Someone asked, so I'll explain how tough it is to get an apple blossom
pollinated.

If you cut open an apple you should find 5 "pockets" (carpels) with ideally,
2 seeds each.  If all ovules are pollinated by the bees, you get a nice
horizontally symmetrical fruit, with at most one or two missing seeds of the
10.  Asymmetrical fruit is lower-grade, and might be rejected by packing
houses.  Each of those ovules are a separate landing or hover for a bee.  As
I remember, apples, pears, persimmons, pomegranates, and kiwi fruit are the
only tree fruits having these multiple ovules.  All the other common tree
fruits and nuts have single ovules.   Apples are most often pollinated when
the snow has just melted, so hives are moved in snow or mud or both, and a
key factor is convincing your customers that bees can fly, and will fly from
a central location to the apple blossoms if the understories are cut before
the bees arrive, and pomptly recut if dandelions pop up.

I know that pollination pays off in apples, as my business model was based
on being paid for pollination with a percentage of the value of the
harvested crop.  This basically "financed" the pollination for the entire
summer, so the grower, who has lots of spring expenses, would not pay me a
dime until he got paid in the fall.  Of course, when he just got a fat
check, the growers tend to be more generous, so I often got paid "bonuses"
in good years over and above the contracted percentage.  But I prospered
only when my customer prospered, and this cut out a whole raft of bogus
mutual suspicion that often crops up when pollination paid for on a "per
hive" basis, and payment is expected when services are rendered.

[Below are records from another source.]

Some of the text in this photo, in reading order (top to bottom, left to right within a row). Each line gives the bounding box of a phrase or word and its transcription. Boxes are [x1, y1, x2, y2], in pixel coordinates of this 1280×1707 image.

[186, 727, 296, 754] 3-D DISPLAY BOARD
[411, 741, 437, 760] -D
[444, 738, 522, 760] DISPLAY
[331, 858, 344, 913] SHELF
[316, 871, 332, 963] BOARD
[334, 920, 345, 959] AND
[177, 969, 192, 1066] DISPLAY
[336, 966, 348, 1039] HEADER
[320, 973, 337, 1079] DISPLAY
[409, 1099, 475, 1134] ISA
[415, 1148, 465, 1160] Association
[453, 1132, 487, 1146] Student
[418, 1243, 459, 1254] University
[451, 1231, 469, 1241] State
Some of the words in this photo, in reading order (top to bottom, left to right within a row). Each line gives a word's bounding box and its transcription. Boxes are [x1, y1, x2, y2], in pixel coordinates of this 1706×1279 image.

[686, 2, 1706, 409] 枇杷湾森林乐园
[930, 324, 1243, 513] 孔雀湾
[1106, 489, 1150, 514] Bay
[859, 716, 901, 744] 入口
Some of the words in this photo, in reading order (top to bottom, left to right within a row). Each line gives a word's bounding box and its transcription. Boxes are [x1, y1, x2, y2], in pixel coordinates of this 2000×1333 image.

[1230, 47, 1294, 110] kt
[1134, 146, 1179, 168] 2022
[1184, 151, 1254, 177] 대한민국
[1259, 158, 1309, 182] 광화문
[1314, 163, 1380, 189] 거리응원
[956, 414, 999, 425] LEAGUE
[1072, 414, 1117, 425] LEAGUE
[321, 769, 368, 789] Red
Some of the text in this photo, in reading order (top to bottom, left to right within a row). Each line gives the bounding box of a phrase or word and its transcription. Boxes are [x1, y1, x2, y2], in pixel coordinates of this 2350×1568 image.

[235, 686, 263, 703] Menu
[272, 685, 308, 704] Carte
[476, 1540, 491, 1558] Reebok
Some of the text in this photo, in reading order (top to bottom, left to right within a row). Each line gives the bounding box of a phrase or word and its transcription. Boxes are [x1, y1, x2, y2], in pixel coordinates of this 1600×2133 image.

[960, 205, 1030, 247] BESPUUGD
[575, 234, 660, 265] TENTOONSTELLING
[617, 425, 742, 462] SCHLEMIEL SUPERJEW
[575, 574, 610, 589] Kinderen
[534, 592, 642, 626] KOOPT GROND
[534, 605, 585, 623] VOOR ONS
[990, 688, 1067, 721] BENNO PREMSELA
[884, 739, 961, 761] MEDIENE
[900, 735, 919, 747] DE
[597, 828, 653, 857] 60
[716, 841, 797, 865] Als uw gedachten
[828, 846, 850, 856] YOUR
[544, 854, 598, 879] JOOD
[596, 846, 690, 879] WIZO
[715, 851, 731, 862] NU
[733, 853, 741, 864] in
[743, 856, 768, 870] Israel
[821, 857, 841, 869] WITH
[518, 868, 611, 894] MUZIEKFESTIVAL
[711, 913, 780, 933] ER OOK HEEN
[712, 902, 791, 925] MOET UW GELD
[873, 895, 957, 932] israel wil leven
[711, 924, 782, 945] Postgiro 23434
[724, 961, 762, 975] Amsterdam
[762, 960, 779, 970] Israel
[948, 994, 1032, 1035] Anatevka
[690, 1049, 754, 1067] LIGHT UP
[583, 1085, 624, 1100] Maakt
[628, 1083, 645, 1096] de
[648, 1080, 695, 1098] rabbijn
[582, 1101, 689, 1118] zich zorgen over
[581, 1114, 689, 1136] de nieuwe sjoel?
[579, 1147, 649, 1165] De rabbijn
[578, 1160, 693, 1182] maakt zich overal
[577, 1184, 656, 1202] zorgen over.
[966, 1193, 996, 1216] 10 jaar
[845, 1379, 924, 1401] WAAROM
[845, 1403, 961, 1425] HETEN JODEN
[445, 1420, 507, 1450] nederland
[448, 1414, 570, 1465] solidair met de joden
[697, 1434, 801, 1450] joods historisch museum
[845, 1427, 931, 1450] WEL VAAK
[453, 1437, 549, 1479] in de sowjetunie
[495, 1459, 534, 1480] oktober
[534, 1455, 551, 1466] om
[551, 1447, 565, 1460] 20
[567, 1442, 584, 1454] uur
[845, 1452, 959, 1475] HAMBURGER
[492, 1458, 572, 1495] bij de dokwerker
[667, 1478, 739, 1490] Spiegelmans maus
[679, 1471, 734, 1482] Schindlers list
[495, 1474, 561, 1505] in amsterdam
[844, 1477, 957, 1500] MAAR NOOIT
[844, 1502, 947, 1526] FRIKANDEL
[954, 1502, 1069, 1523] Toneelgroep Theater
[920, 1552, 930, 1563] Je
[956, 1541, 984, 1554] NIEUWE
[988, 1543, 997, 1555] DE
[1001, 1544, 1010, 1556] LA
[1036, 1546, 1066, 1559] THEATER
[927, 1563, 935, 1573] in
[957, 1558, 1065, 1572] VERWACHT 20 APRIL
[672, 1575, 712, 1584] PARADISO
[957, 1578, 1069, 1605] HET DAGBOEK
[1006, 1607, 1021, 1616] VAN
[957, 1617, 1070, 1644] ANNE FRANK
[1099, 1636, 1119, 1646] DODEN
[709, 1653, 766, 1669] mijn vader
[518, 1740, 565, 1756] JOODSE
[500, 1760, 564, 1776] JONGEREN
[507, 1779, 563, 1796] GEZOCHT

More important, a "partnership" with the grower meant that each party has an
incentive to make the other's job easier.

Cool falls will slowly become more and more rare in the South, and cool
falls are needed for a decent apple.  It is said by many that VT and NH may
be the only apple-growing regions left in a few decades.  What with the lack
of natural snow and weather too warm for snow-making, and the apple orchards
doomed or converted to peach orchards, the mountains will be far quieter and
far fewer people will be able to make a living in the mountains.